[Data supplied Boundary: Start]
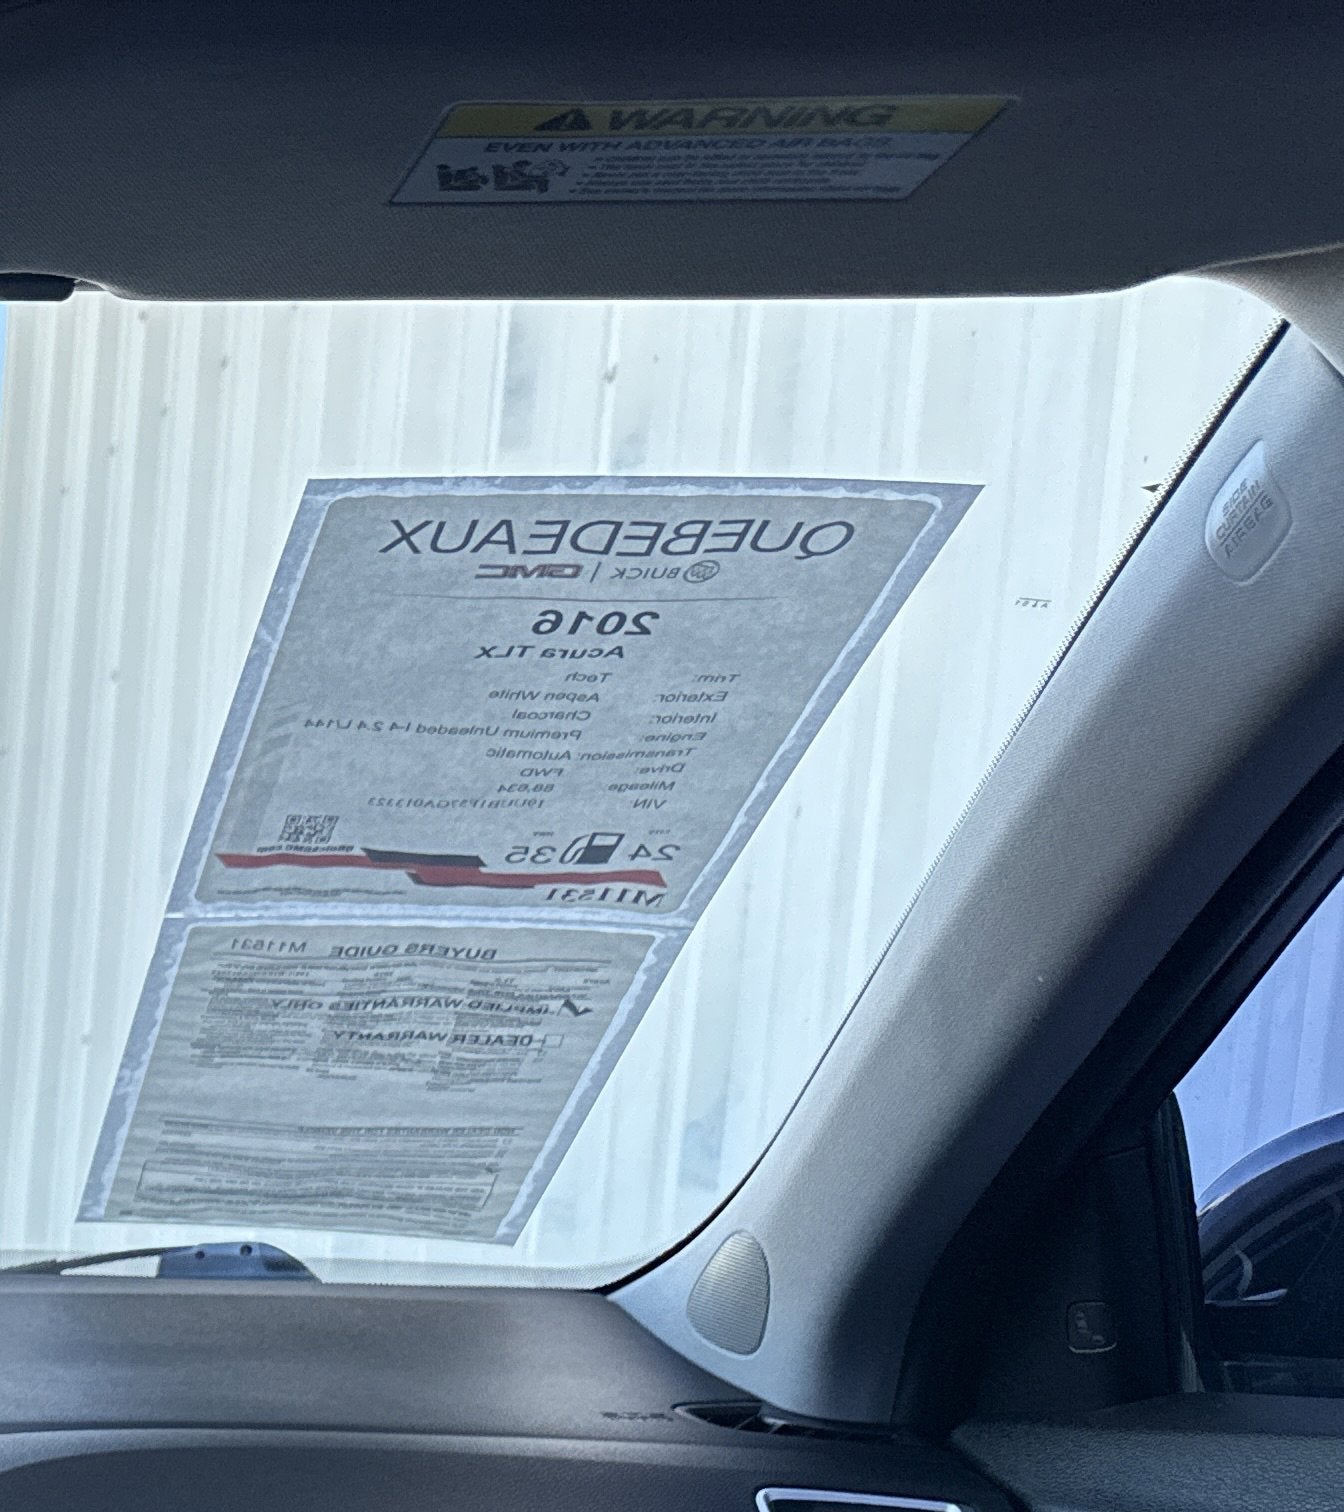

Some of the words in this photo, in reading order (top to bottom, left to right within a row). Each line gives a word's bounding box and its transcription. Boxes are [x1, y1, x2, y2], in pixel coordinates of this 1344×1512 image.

[610, 103, 900, 130] WARNING
[483, 142, 552, 154] EVEN
[625, 138, 767, 153] ADVANCED
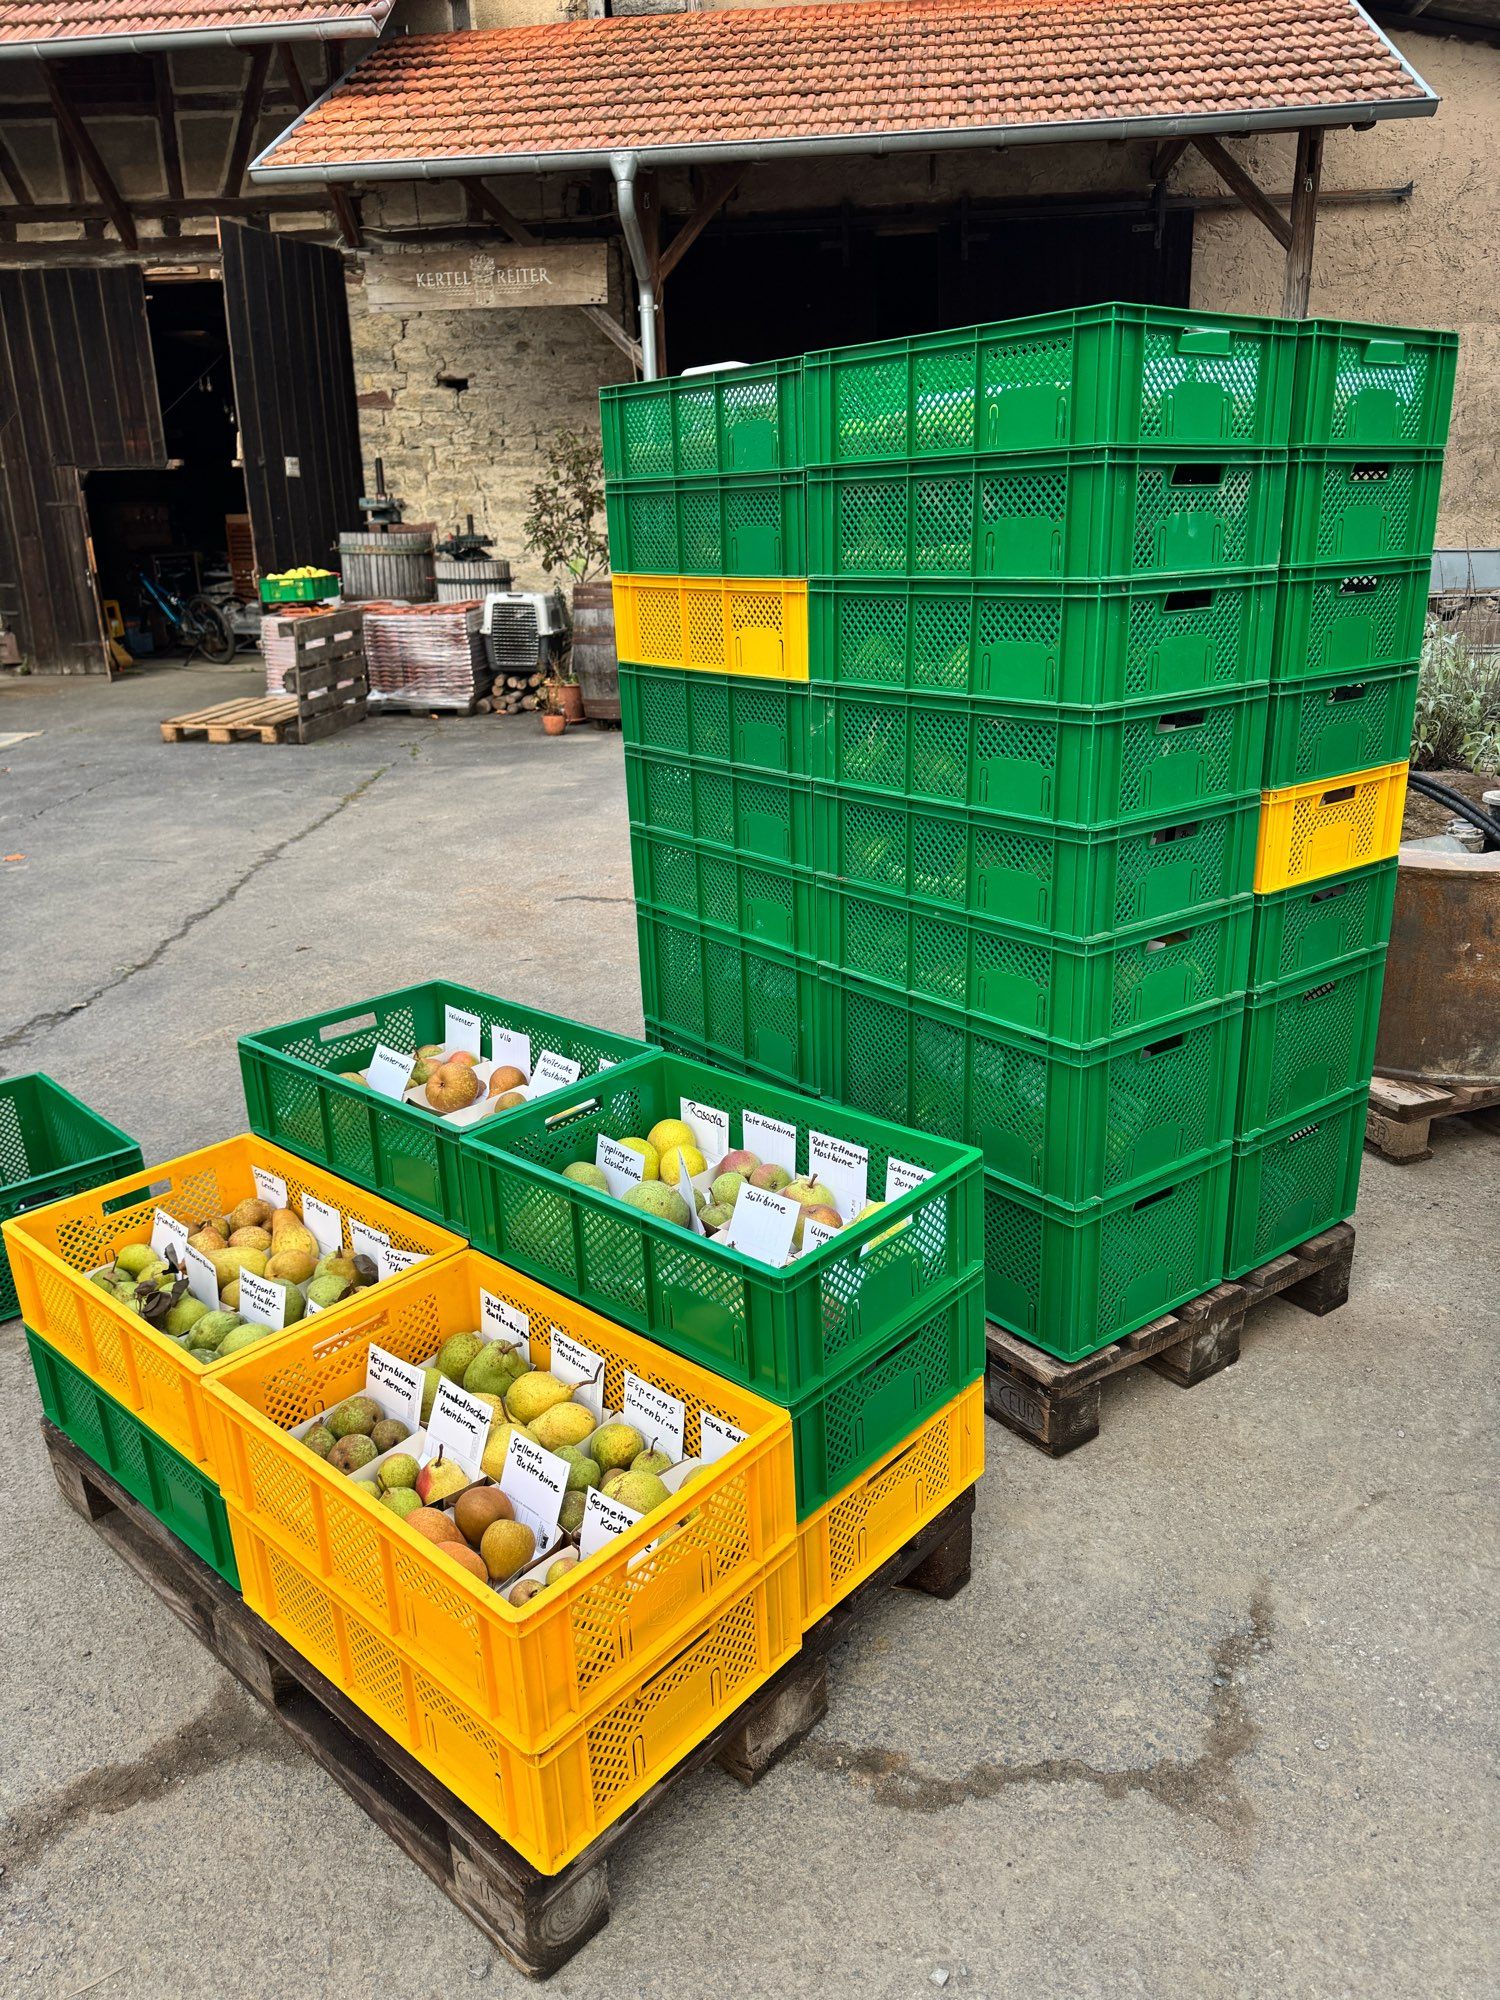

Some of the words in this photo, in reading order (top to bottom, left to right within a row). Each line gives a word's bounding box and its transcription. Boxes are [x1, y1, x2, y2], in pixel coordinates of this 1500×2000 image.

[415, 271, 472, 288] KERTEL
[496, 267, 553, 285] REITER
[745, 1113, 760, 1126] Rote
[761, 1119, 795, 1139] Kochbirne
[599, 1140, 635, 1164] Sipplinger
[811, 1135, 829, 1149] Rote
[603, 1156, 641, 1182] Klosterbirne
[813, 1147, 854, 1169] Mostbirne
[305, 1197, 329, 1216] Gorham
[382, 1250, 416, 1265] Grüne
[252, 1302, 271, 1317] birne
[484, 1296, 505, 1314] Diels
[553, 1332, 587, 1358] Egnacher
[369, 1369, 381, 1381] aus
[370, 1351, 417, 1390] Feigenbirne
[557, 1347, 593, 1378] Mostbirne
[438, 1384, 490, 1425] Frankelbacher
[627, 1376, 676, 1415] Esperens
[1009, 1390, 1037, 1426] EUR
[440, 1402, 478, 1435] Weinbirne
[626, 1393, 679, 1435] Herrenbirne
[704, 1416, 723, 1435] Eva
[510, 1437, 543, 1464] Gellerts
[516, 1454, 560, 1494] Butterbirne
[587, 1492, 634, 1528] Gemeine
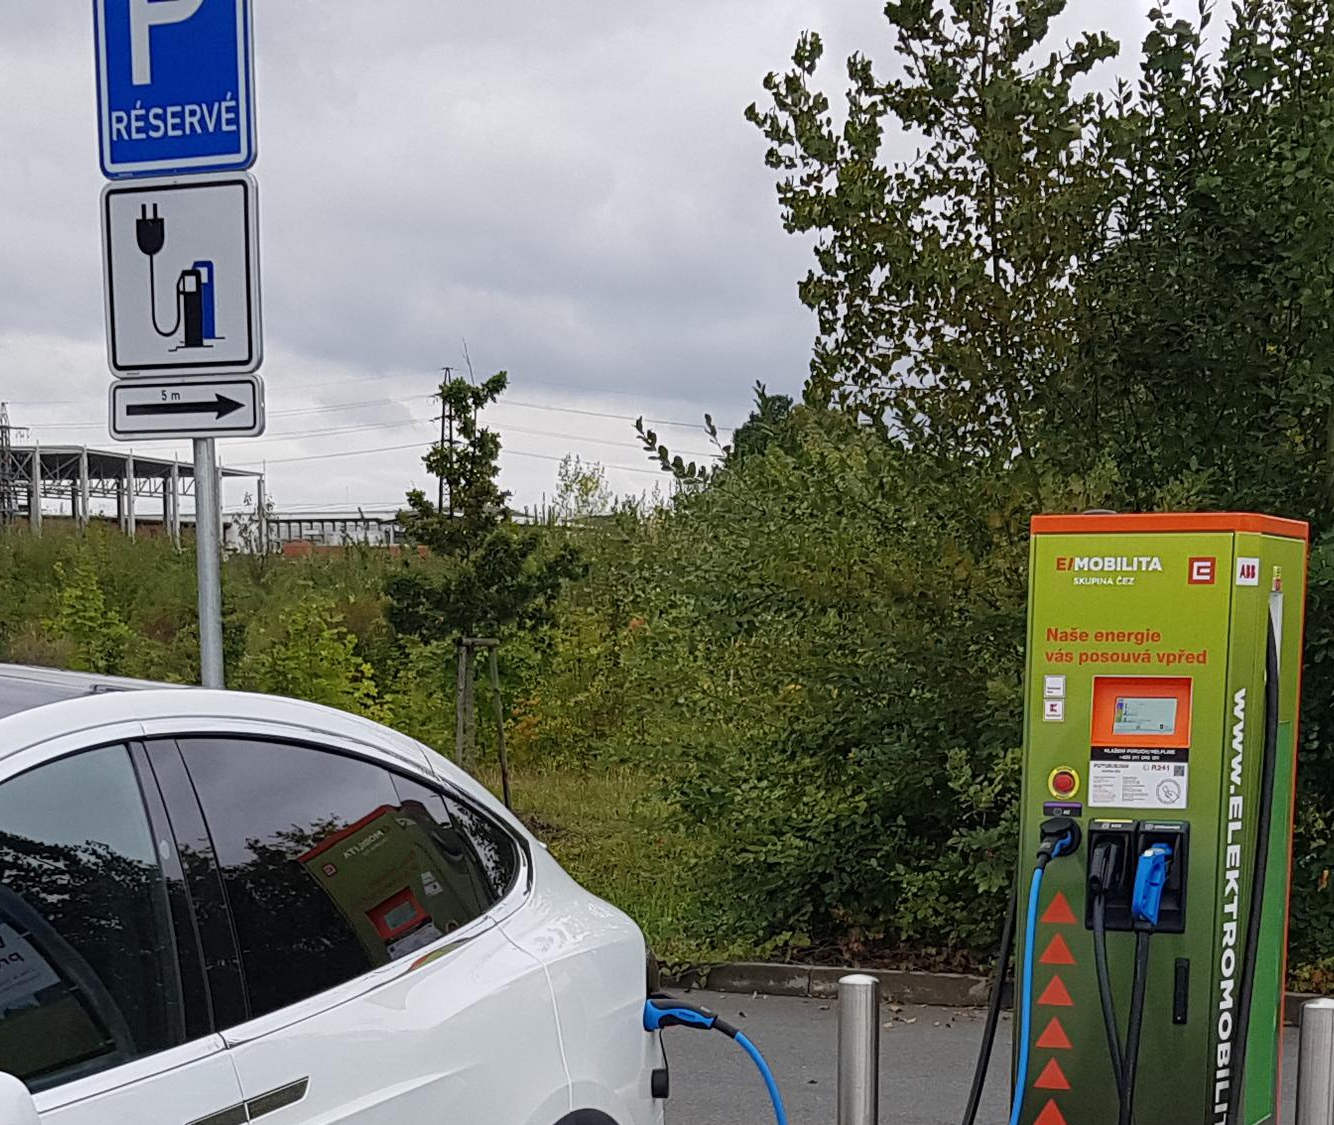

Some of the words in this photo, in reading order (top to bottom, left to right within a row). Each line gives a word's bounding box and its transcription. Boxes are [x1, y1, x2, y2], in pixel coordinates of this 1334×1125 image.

[111, 91, 238, 141] RÉSERVÉ
[161, 390, 167, 401] 5
[171, 392, 181, 401] m
[1073, 577, 1114, 585] SKUPINA
[1116, 576, 1135, 585] ČEZ
[1046, 628, 1089, 642] Naše
[1094, 629, 1162, 645] energie
[1045, 651, 1074, 663] vás
[1078, 651, 1151, 665] posouvá
[1156, 650, 1207, 666] vpřed
[Data supplied Boundary: End]
» Task objective
If the data includes images, skip them and copy every line exactly.

» Answer to the problem
Some of the words in this photo, in reading order (top to bottom, left to right within a row). Each line gives a word's bounding box and its transcription. Boxes are [x1, y1, x2, y2], in pixel coordinates of this 1344×1512 image.

[610, 103, 900, 130] WARNING
[483, 142, 552, 154] EVEN
[625, 138, 767, 153] ADVANCED

Some of the words in this photo, in reading order (top to bottom, left to right within a row). Each line gives a word's bounding box and its transcription. Boxes are [x1, y1, x2, y2], in pixel coordinates of this 1500×2000 image.

[415, 271, 472, 288] KERTEL
[496, 267, 553, 285] REITER
[745, 1113, 760, 1126] Rote
[761, 1119, 795, 1139] Kochbirne
[599, 1140, 635, 1164] Sipplinger
[811, 1135, 829, 1149] Rote
[603, 1156, 641, 1182] Klosterbirne
[813, 1147, 854, 1169] Mostbirne
[305, 1197, 329, 1216] Gorham
[382, 1250, 416, 1265] Grüne
[252, 1302, 271, 1317] birne
[484, 1296, 505, 1314] Diels
[553, 1332, 587, 1358] Egnacher
[369, 1369, 381, 1381] aus
[370, 1351, 417, 1390] Feigenbirne
[557, 1347, 593, 1378] Mostbirne
[438, 1384, 490, 1425] Frankelbacher
[627, 1376, 676, 1415] Esperens
[1009, 1390, 1037, 1426] EUR
[440, 1402, 478, 1435] Weinbirne
[626, 1393, 679, 1435] Herrenbirne
[704, 1416, 723, 1435] Eva
[510, 1437, 543, 1464] Gellerts
[516, 1454, 560, 1494] Butterbirne
[587, 1492, 634, 1528] Gemeine

Some of the words in this photo, in reading order (top to bottom, left to right within a row). Each line gives a word's bounding box and its transcription. Boxes are [x1, y1, x2, y2], in pixel coordinates of this 1334×1125 image.

[111, 91, 238, 141] RÉSERVÉ
[161, 390, 167, 401] 5
[171, 392, 181, 401] m
[1073, 577, 1114, 585] SKUPINA
[1116, 576, 1135, 585] ČEZ
[1046, 628, 1089, 642] Naše
[1094, 629, 1162, 645] energie
[1045, 651, 1074, 663] vás
[1078, 651, 1151, 665] posouvá
[1156, 650, 1207, 666] vpřed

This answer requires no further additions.